PROVIDED RECORDS
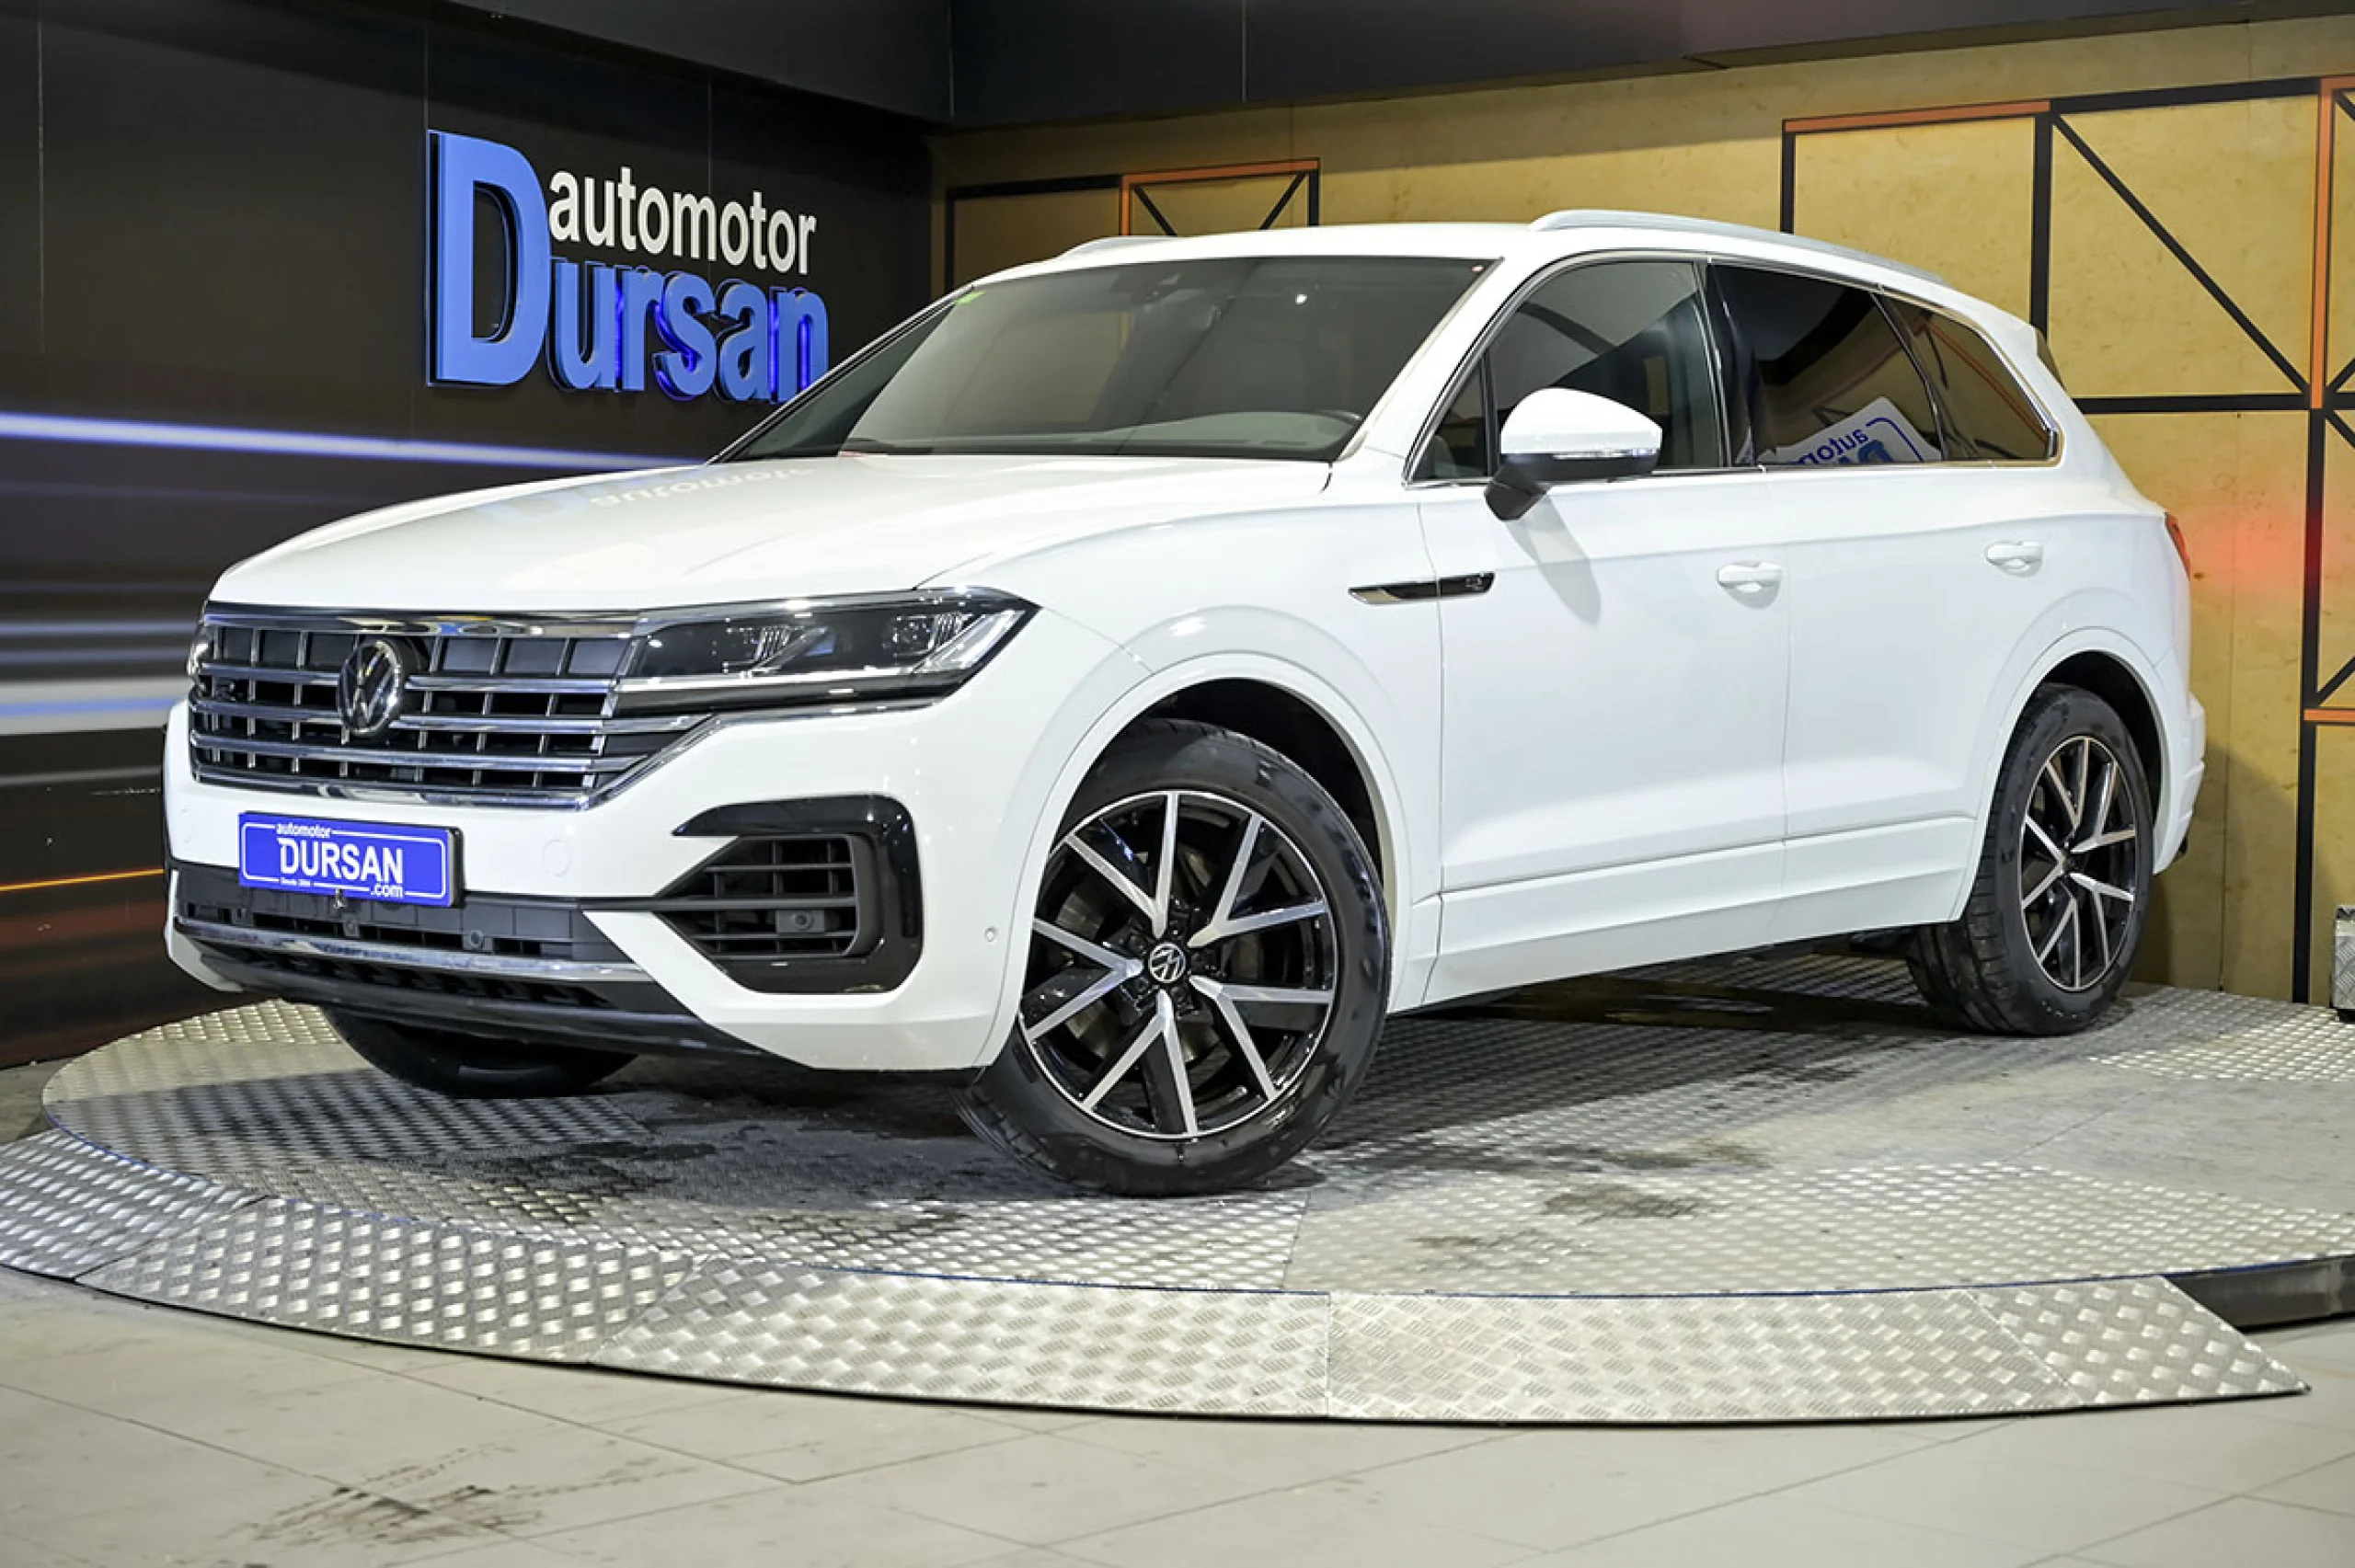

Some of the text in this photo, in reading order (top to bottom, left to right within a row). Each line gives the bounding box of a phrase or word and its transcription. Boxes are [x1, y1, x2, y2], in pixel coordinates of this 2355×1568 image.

[549, 166, 817, 275] automotor
[427, 129, 829, 406] Dursan
[276, 821, 331, 839] automotor
[277, 837, 403, 884] DURSAN
[370, 883, 403, 898] .com

WORK REQUEST
All of the entries need to be copied exactly, minus any pictures.

SOLUTION TO THIS TASK
Some of the text in this photo, in reading order (top to bottom, left to right within a row). Each line gives the bounding box of a phrase or word and its transcription. Boxes are [x1, y1, x2, y2], in pixel coordinates of this 2355×1568 image.

[549, 166, 817, 275] automotor
[427, 129, 829, 406] Dursan
[276, 821, 331, 839] automotor
[277, 837, 403, 884] DURSAN
[370, 883, 403, 898] .com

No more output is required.